Pior, não se pode falar ou acreditar em política pública voltada para
o Patrimônio Cultural sem que tenhamos destinados recursos compatíveis
para sua implantação. Inexiste um programa ou projeto que aporte
recursos suficientes para financiar, de forma diferenciada, tipo “Minha
Casa, Meu Patrimônio”, os proprietários de bens tombados para execução
de conservação e manutenção. Para alguns, em algumas cidades, o Programa
Monumenta, que não é o ideal, mas faz o que pode. Há ainda, um
escondido benefício pífio que permite o desconto no imposto de renda,
mas que exige muito bilro e renda.
Recentemente o Governo Federal lançou
o PAC Cidades Históricas, iniciativa louvável, mas de pouca
abrangência. É possível ainda, a responsabilização, pelo proprietário
sem condições, do poder público que outorgou o tombo ou a inventariação,
porém, apesar da lentidão da Justiça e dos inumeráveis recursos
possíveis, resultará em sentença sim, mas publicada somente quando
restar apenas o recolhimento de entulhos.

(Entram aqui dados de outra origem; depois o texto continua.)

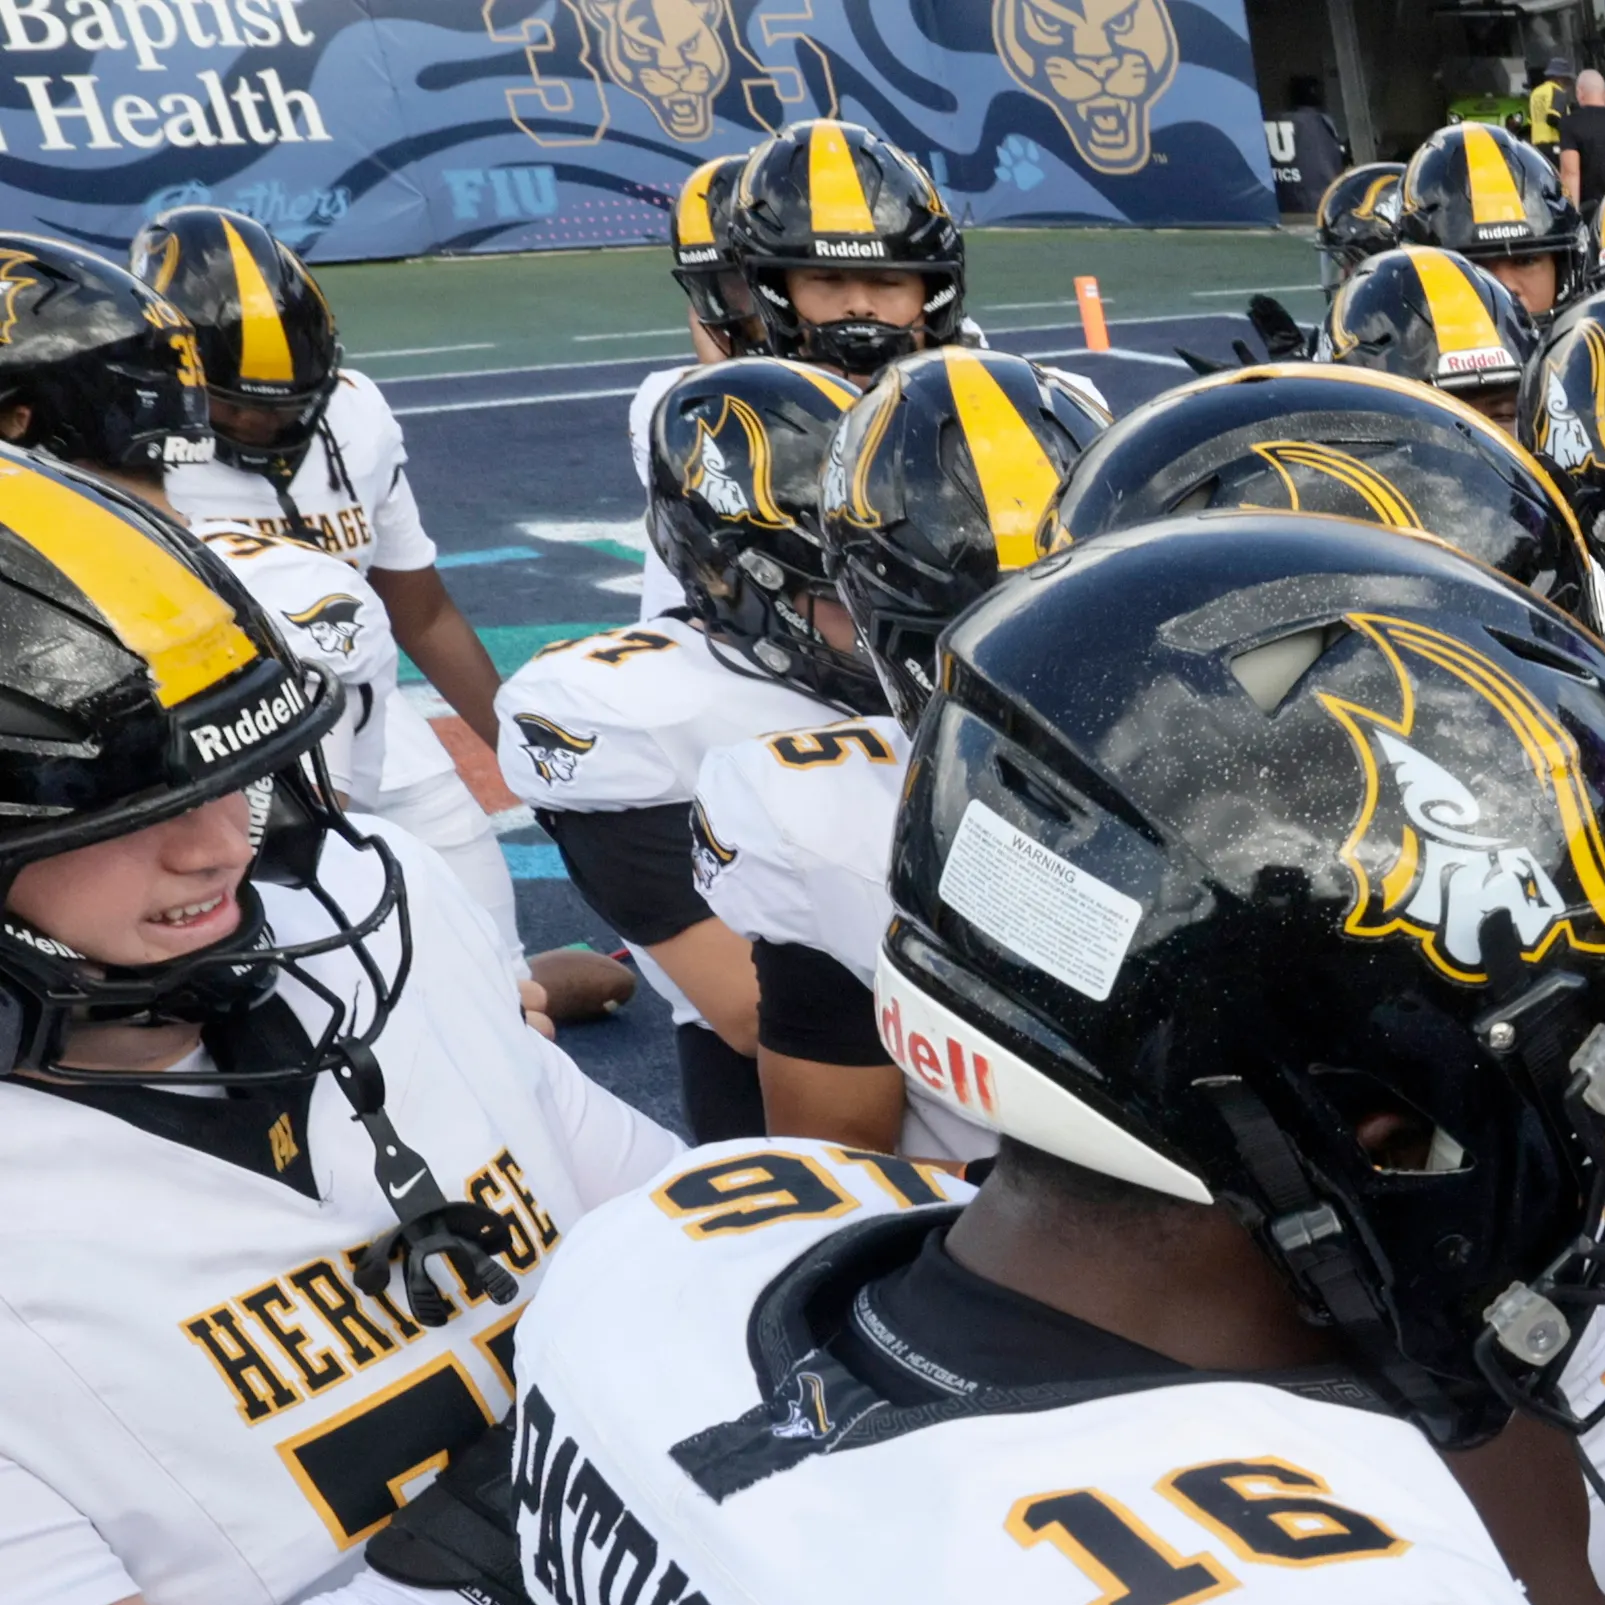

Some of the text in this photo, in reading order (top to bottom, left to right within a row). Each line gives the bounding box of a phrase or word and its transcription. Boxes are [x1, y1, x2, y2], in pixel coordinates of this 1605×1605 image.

No todo, ainda se convive com a falta de conhecimento ou de interesse
dos poderes públicos e da própria sociedade sobre sua importância.
Aliás, sociedade essa, tardia mas finalmente, em mobilização crescente.
Explodem pelo Brasil inteiro, como nunca, manifestações em defesa do
nosso patrimônio. Ressalte-se com louvor, as efetivas ações do
Ministério Público Estadual e do Ministério Público Federal, verdadeiros
guardiões do nosso patrimônio. Assim, aplaudidos por um lado e vaiados
por outro, vão se formando grupos de pessoas que entregam seu tempo, seu
conhecimento e seu dinheiro para defender o que é de todos e está
expresso na leis, movidos apenas pela certeza de cumprir com os deveres e
exigir os direitos da cidadania. É o caso de outras iniciativas como o
Moinhos Vive: Movimento Chega de Demolir Porto Alegre, do coletivo
Consciência Coletiva de Novo Hamburgo e Ivoti, de movimentos em Bagé,
Santo Ângelo, Santo Antônio da Patrulha, Caxias do Sul, Taquara, Arroio
Grande, Esteio, entre outros municípios gaúchos. Graças a Deus!
Telmo Padilha Cesar, gestor cultural e presidente da Defender – Defesa Civil do Patrimônio Histórico.